Listed entries
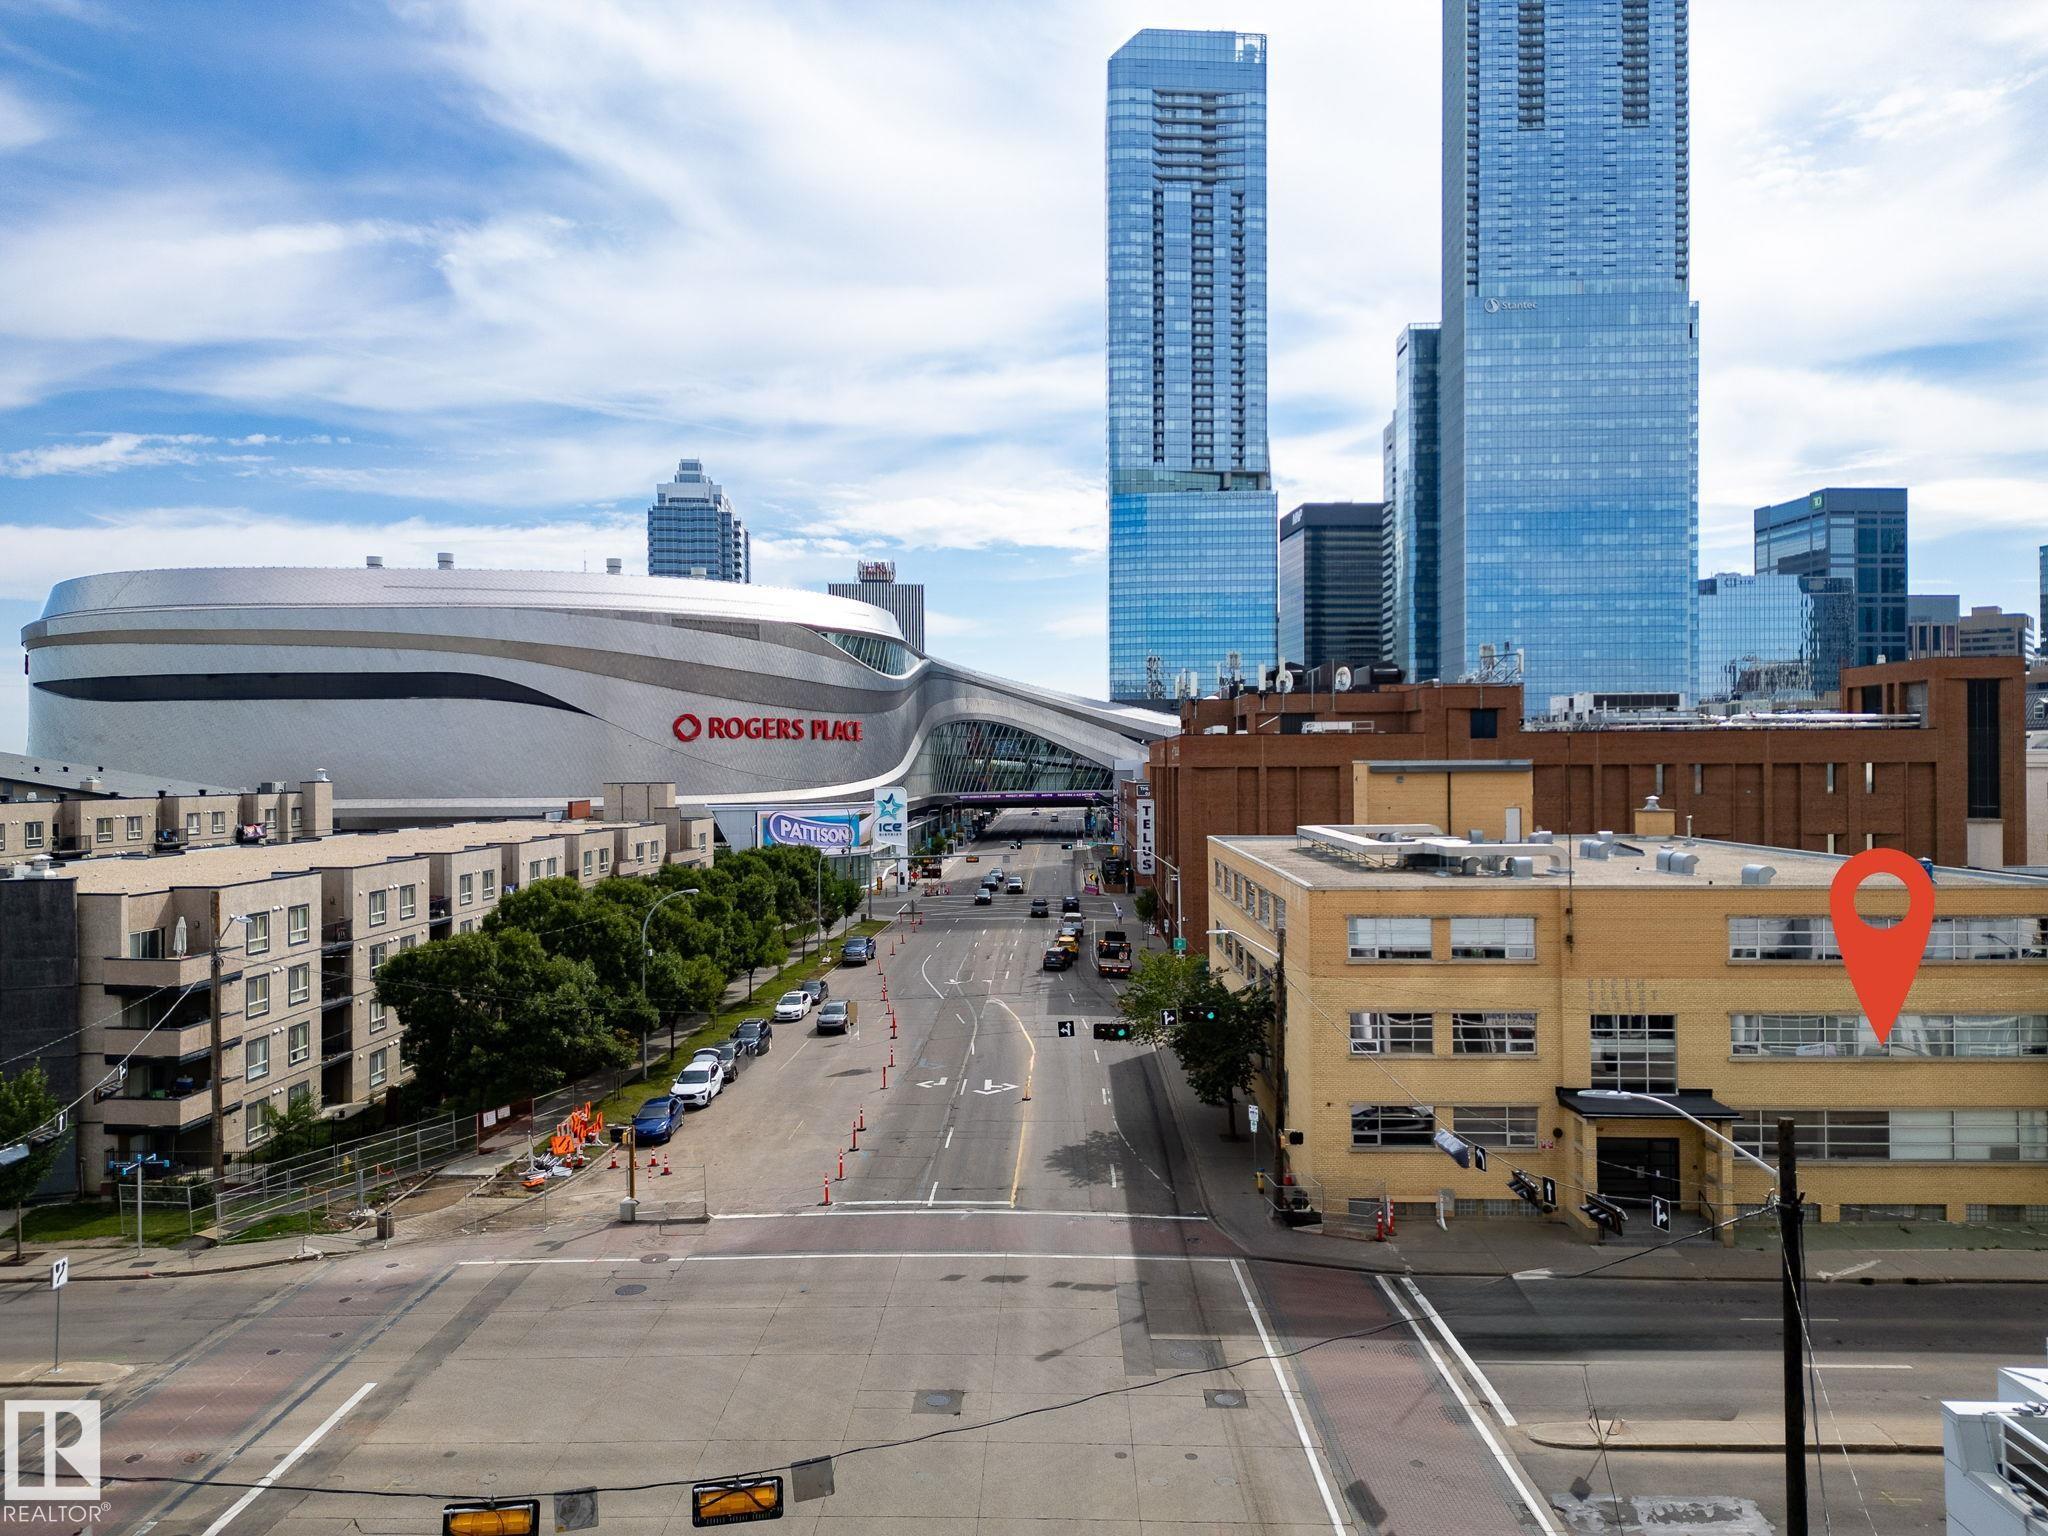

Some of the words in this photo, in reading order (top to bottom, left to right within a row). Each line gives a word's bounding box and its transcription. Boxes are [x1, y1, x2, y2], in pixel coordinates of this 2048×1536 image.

[1502, 302, 1537, 310] Stantec
[708, 717, 804, 740] ROGERS
[811, 719, 863, 742] PLACE
[780, 819, 849, 844] PATTISON
[1142, 805, 1152, 871] TELUS
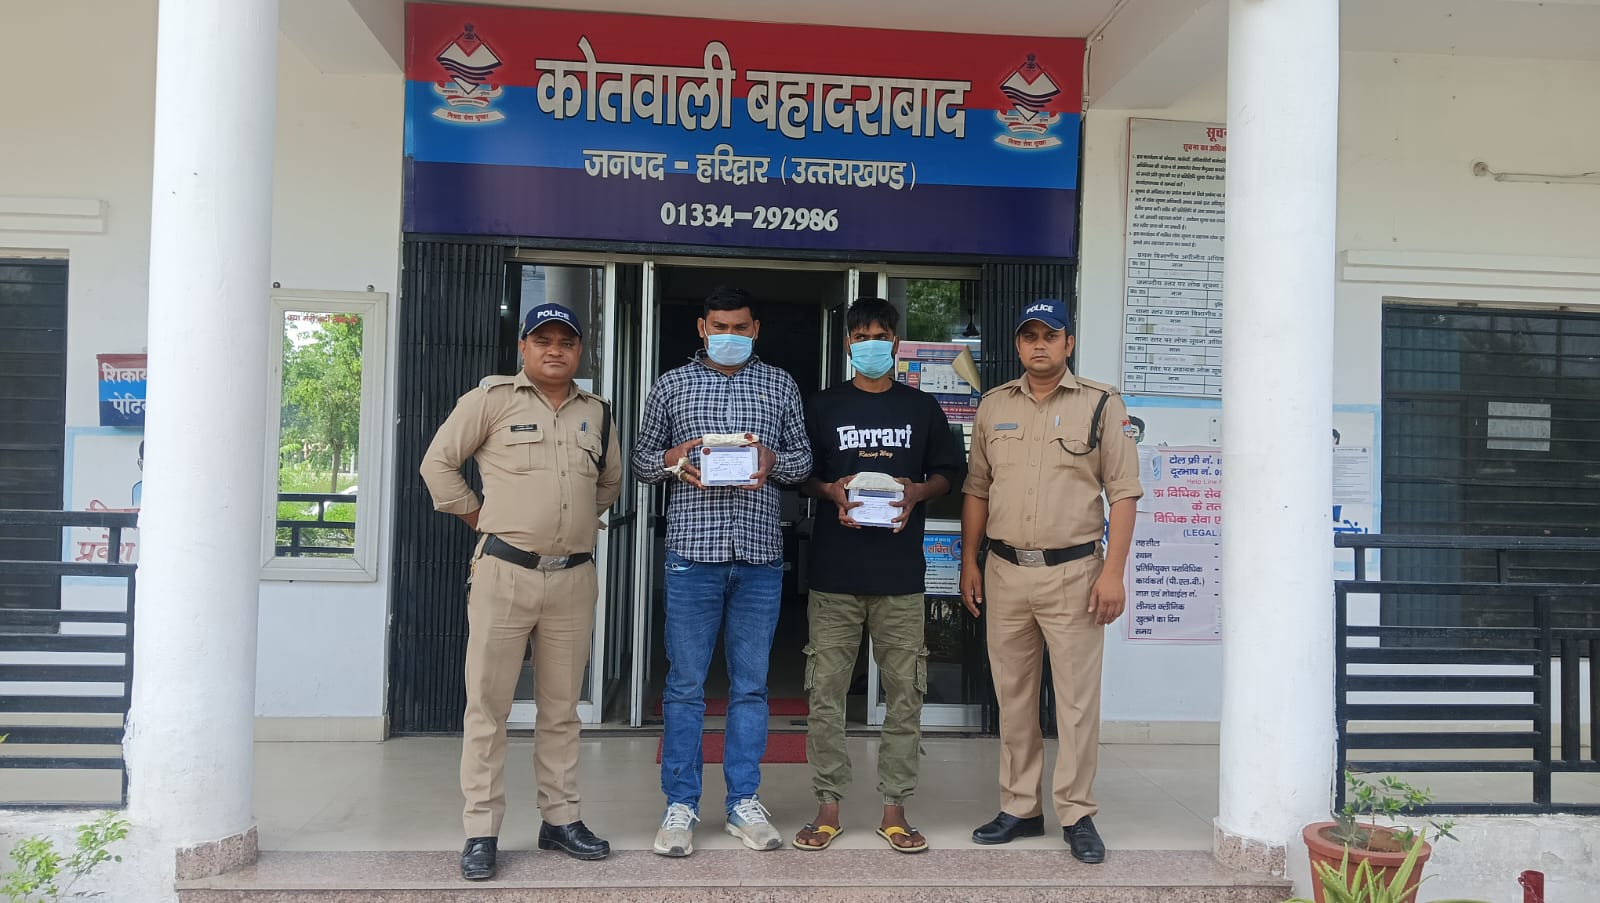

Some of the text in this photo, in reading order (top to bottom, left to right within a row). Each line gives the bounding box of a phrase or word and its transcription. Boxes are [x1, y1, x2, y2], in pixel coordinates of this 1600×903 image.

[535, 35, 972, 139] कोतवाली बहादराबाद
[582, 149, 667, 181] जनपद
[696, 144, 770, 186] हरिद्वार
[660, 201, 839, 232] 01334-292986
[537, 310, 570, 320] POLICE
[1026, 303, 1055, 315] POLICE
[836, 424, 912, 450] Ferrari
[1169, 454, 1186, 464] टोल
[1188, 454, 1200, 466] फ्री
[1170, 468, 1198, 478] दूरभाष
[1168, 486, 1200, 498] विधिक
[1192, 500, 1202, 511] के
[1154, 512, 1188, 524] विधिक
[1191, 513, 1210, 524] सेवा
[1184, 529, 1217, 537] (LEGAL
[1136, 538, 1160, 547] तहसील
[1136, 601, 1156, 610] लीगल
[1168, 614, 1180, 623] दिन
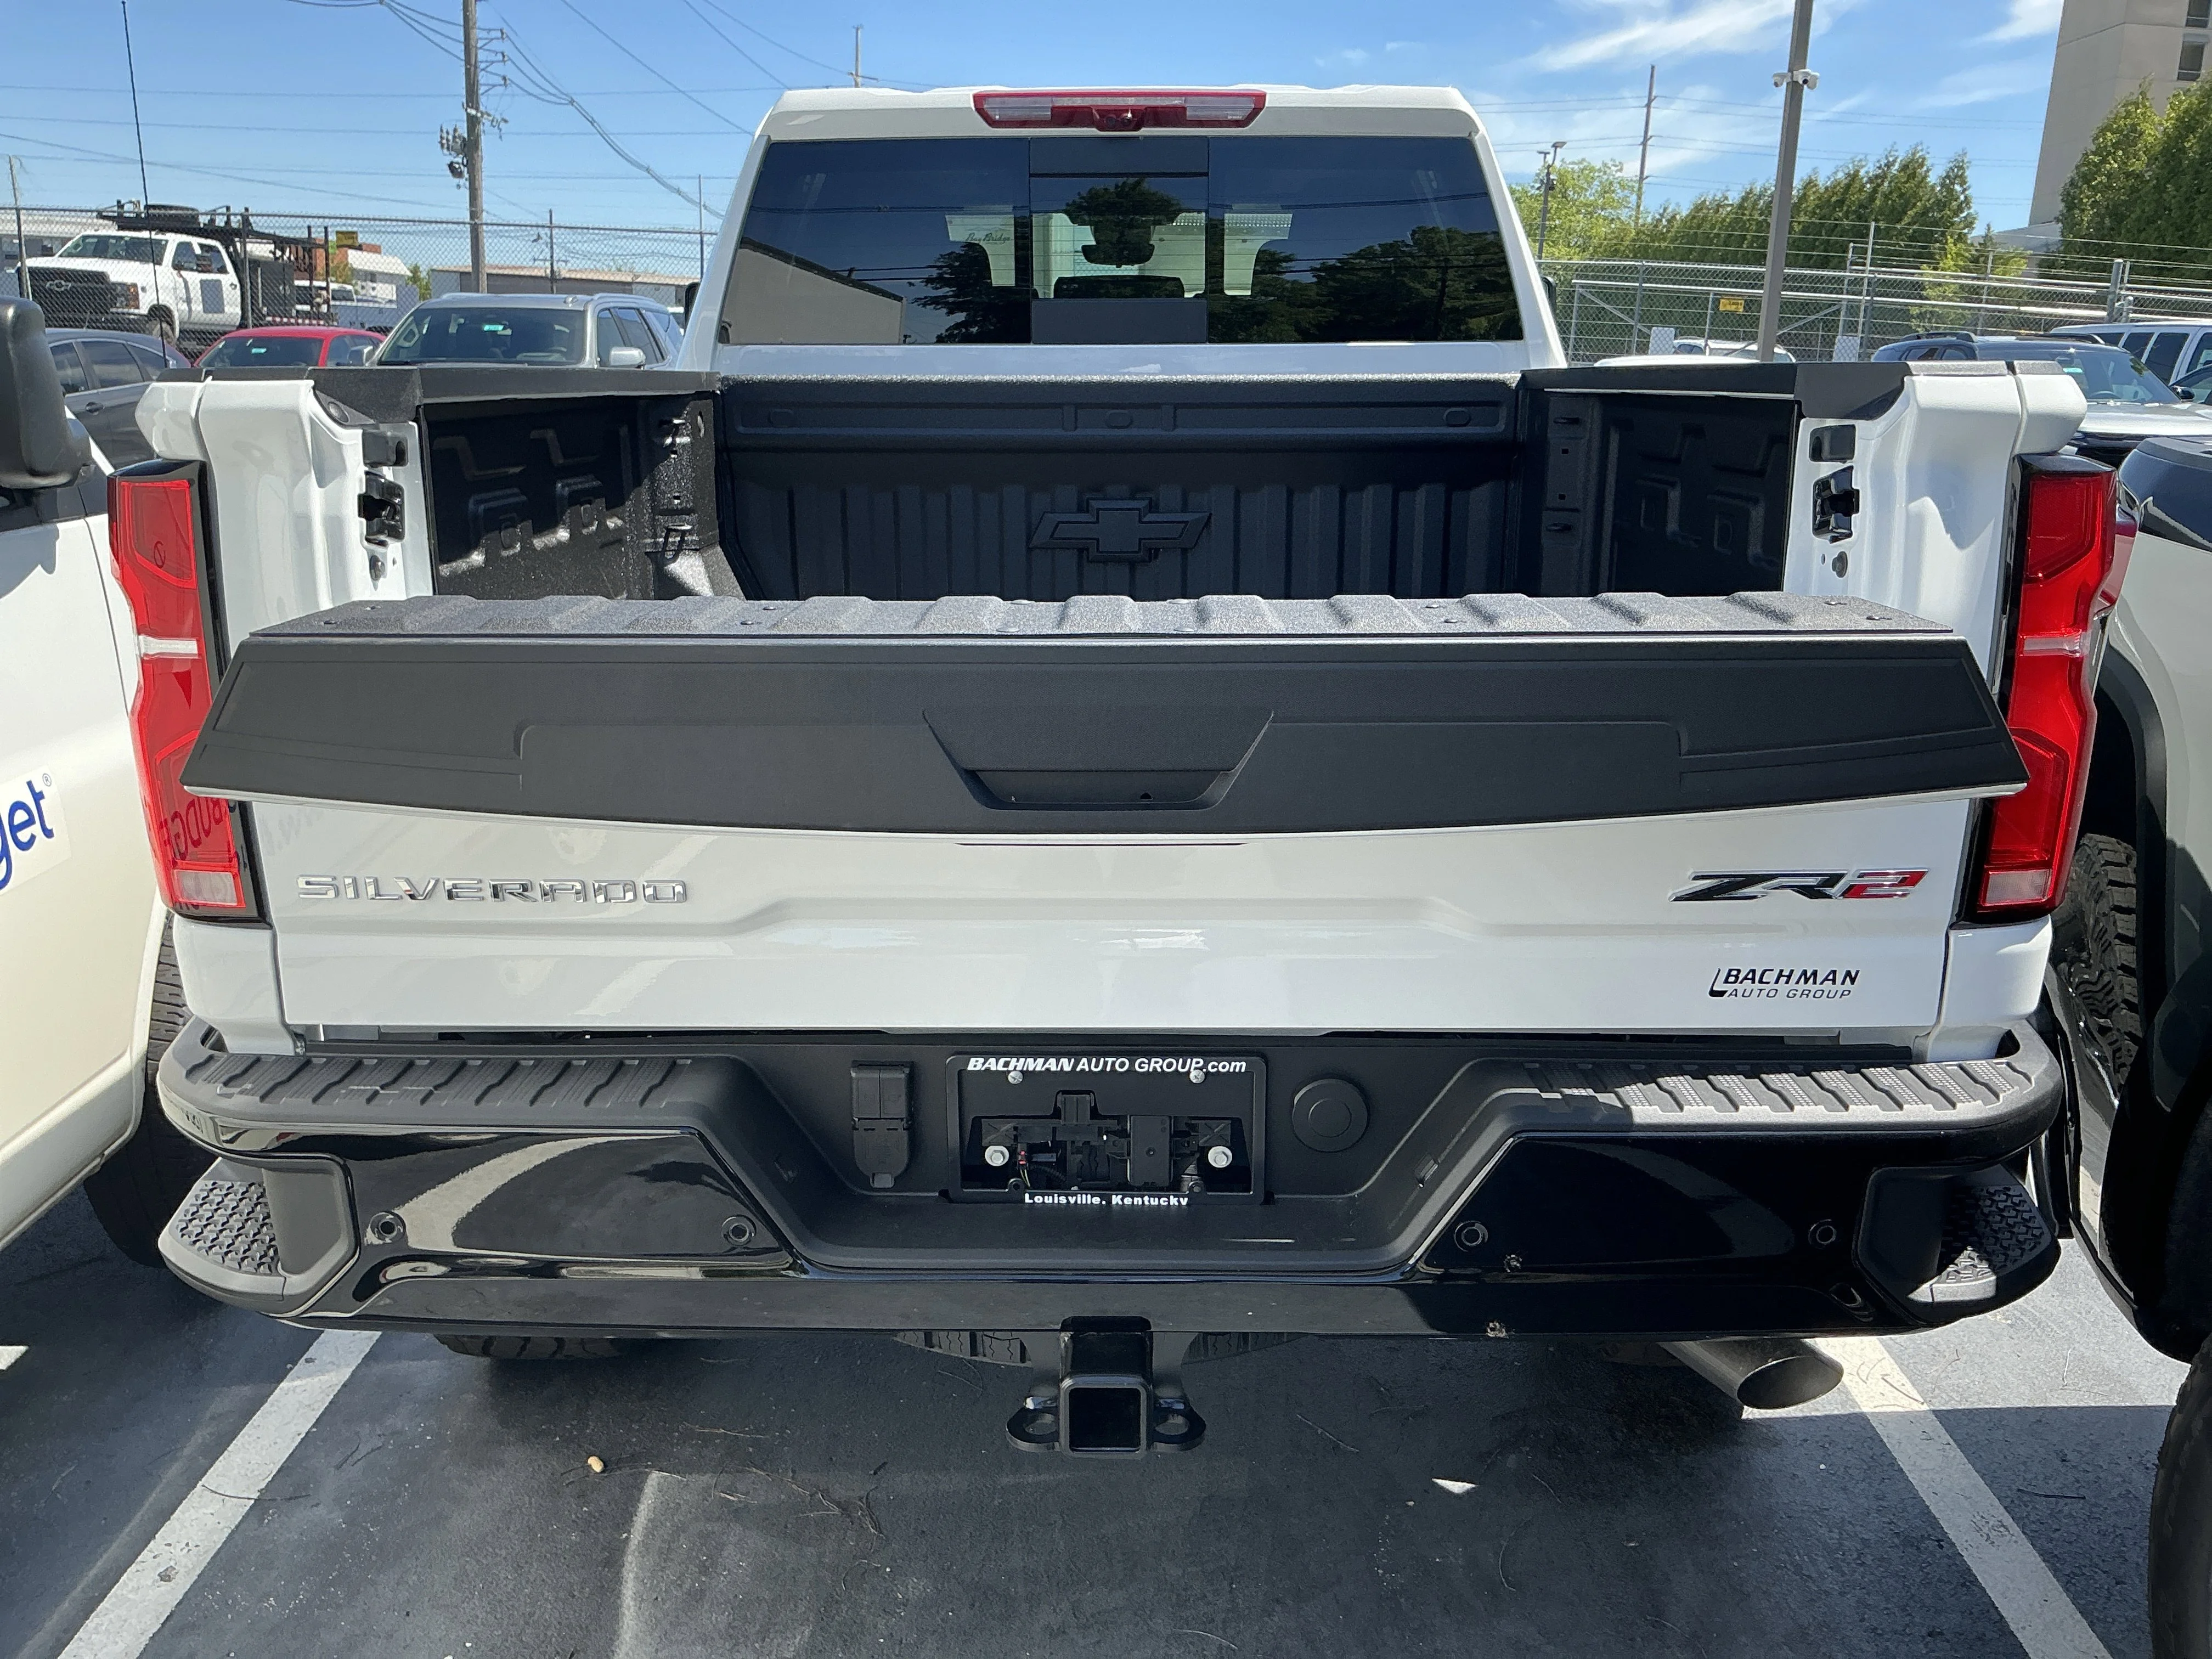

Aim of the exercise
When an image appears in the data, skip it and output the rest exactly.

Result below
Some of the words in this photo, in reading order (top to bottom, left to right within a row). Each line gives a word's bounding box and its transcription. Boxes are [x1, y1, x2, y2], in pixel coordinates of this 2048×1536 image.

[1502, 302, 1537, 310] Stantec
[708, 717, 804, 740] ROGERS
[811, 719, 863, 742] PLACE
[780, 819, 849, 844] PATTISON
[1142, 805, 1152, 871] TELUS

Some of the text in this photo, in reading order (top to bottom, left to right within a row). Each line gives the bounding box of a phrase or word and its transcription. Boxes are [x1, y1, x2, y2], in pixel coordinates of this 1600×903 image.

[535, 35, 972, 139] कोतवाली बहादराबाद
[582, 149, 667, 181] जनपद
[696, 144, 770, 186] हरिद्वार
[660, 201, 839, 232] 01334-292986
[537, 310, 570, 320] POLICE
[1026, 303, 1055, 315] POLICE
[836, 424, 912, 450] Ferrari
[1169, 454, 1186, 464] टोल
[1188, 454, 1200, 466] फ्री
[1170, 468, 1198, 478] दूरभाष
[1168, 486, 1200, 498] विधिक
[1192, 500, 1202, 511] के
[1154, 512, 1188, 524] विधिक
[1191, 513, 1210, 524] सेवा
[1184, 529, 1217, 537] (LEGAL
[1136, 538, 1160, 547] तहसील
[1136, 601, 1156, 610] लीगल
[1168, 614, 1180, 623] दिन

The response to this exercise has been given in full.